Brésil 2019 - Nous venons
Tout d'abord, nous devrions dire que c'était notre premier voyage organisé de cette manière. Par conséquent, nous étions naturellement très excités. Nous avions déjà réservé et...


Publié: 29.03.2020
Cher journal de voyage,
notre premier jour au Brésil est déjà terminé et nous avons pas mal de mal à gérer le décalage horaire.
Après avoir atterri ce matin à 5h50, j'ai immédiatement activé notre carte SIM, pendant que Thorsten attendait nos bagages. Le fait que nous ayons imprimé tous les emails de validation nécessaires avant a été très utile ici. Quelques minutes plus tard, nous avions donc un téléphone portable fonctionnel avec internet et nos sacs à dos. Prudents comme nous l'étions, nous avons cherché un « endroit sûr » en plein hall d'entrée de l'aéroport pour commander un Uber « en toute sécurité » afin d'éviter les pickpockets. Évidemment, nous ne voulions pas être victimes d'un crime dès notre première journée, nous avons donc réservé un « Uber de luxe ».
Note : C'était totalement inutile. Les Uber au Brésil sont (presque) tous super et tout aussi sûrs.
Grâce à l'application, nous savions où nous devions aller, le nom, le véhicule et le numéro de plaque d'immatriculation du conducteur. Le conducteur a chargé notre bagage dans le coffre et la très silencieuse course a commencé. Le chauffeur (ainsi que tous nos chauffeurs Uber au Brésil) ne parlait pas un mot d'anglais et nous deux ne savions dire que trois mots en portugais. En cinq minutes, nous passions déjà devant la première grande favela qui semblait vraiment pauvre et dangereuse. La vue de cet endroit nous a tous les deux retourné l'estomac. D'une part à cause de la cruauté de la pauvreté régnante et d'autre part à cause des nombreuses histoires horribles que nous avions lues à l'avance sur les agressions en voiture.
Notre trajet nous a conduits à travers la ville jusqu'à notre hébergement « Sant Matre » dans le quartier de Santa Teresa.
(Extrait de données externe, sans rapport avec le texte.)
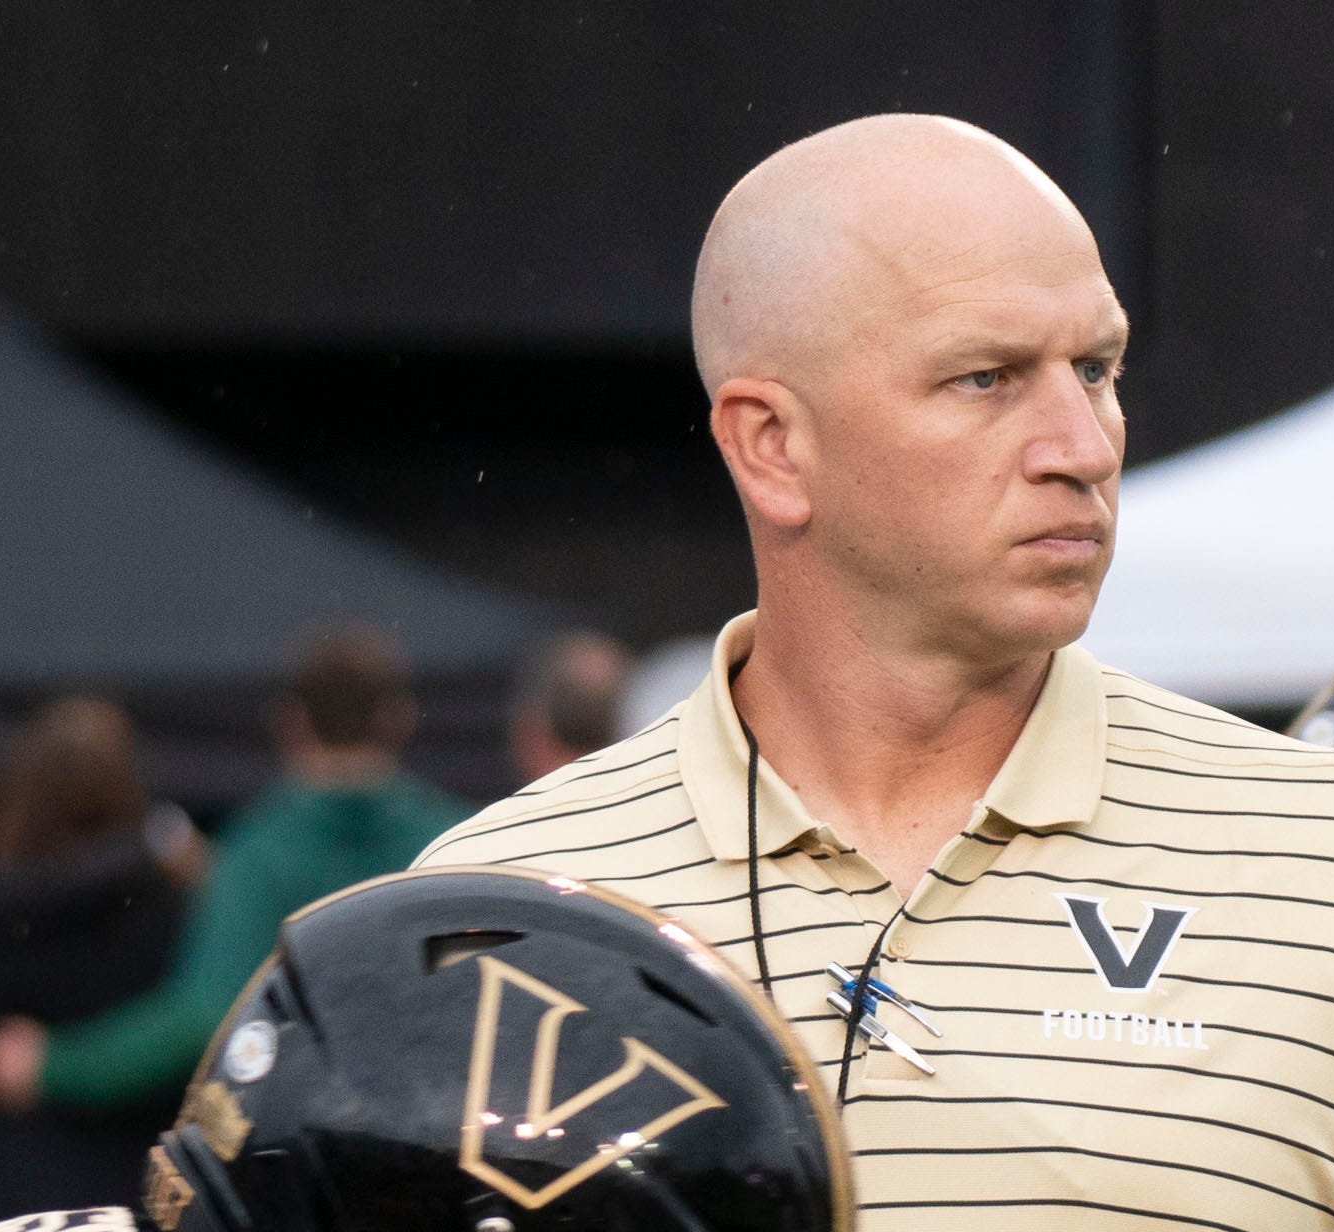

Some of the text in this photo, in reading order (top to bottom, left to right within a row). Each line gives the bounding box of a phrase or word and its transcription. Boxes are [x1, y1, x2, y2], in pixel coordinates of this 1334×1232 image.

[1051, 892, 1200, 993] V
[1042, 1008, 1209, 1051] FOOTBALL
[457, 955, 729, 1210] V
Comme il n'était que 6h30, notre chambre, qui était prête à partir de 12h00, n'était bien sûr pas encore disponible.
Armés de Google Maps et d'une bonne dose de courage, nous avons donc décidé d'explorer les environs.
Montée et descente, nous admirions les maisons colorées et les mosaïques sur les murs de rue, et dès qu'une gorge se formait entre les maisons, nous pouvions toujours attraper un aperçu de cette ville si différente. Nous avions du mal à croire qu'au milieu de la ville, des favelas étaient visibles à chaque coin de rue. Surtout, les briques rouges des maisons souvent non crépies ressortaient clairement. Nous sommes descendus encore plus une rue très raide jusqu'à ce que nous arrivions enfin à l'Escaderia Selarón. La merveilleuse et colorée mosaïque d'escaliers conçue par l'artiste Jorge Selarón était encore déserte ; pas étonnant, il était seulement 7h30.
L'escalier relie le quartier artistique de Santa Teresa au quartier festif de Lapa. Au bas de l'escalier, nous étions donc littéralement dans les vestiges de la fête de la nuit dernière…
Un peu plus tard, notre chambre était prête, ce qui était d'une manière générale correcte... en pleine saison, cet endroit est sûrement un bon hébergement, mais maintenant en basse saison, tout semble un peu sans âme. Il semblait que les chambres à côté n'étaient aussi louées qu'à des clients réguliers.
Peu importe, quoi qu'il en soit, nous voulions absolument tirer le meilleur parti de la situation. Nous étions donc à nouveau sur le chemin pour découvrir autant que possible. Notre objectif était le célèbre tram jaune de Santa Teresa. À la gare principale, avec l'aide d'une policière brésilienne très serviable, nous avons acheté deux billets pour 20 reais chacun (environ 3,70 €) avec la carte de crédit et quelques secondes plus tard, le tram est déjà arrivé. Le tram monte la colline jusqu'à une favela surveillée par la police
et revient ensuite vers le centre-ville par un pont aventureux, seulement sécurisé par une clôture en fil de fer, qui était autrefois un aqueduc.
Il est maintenant tard. Nous terminons la soirée avec quelques 'Pão de Queijo' sur la terrasse de la Poussada et nous disons déjà bonne nuit et à demain.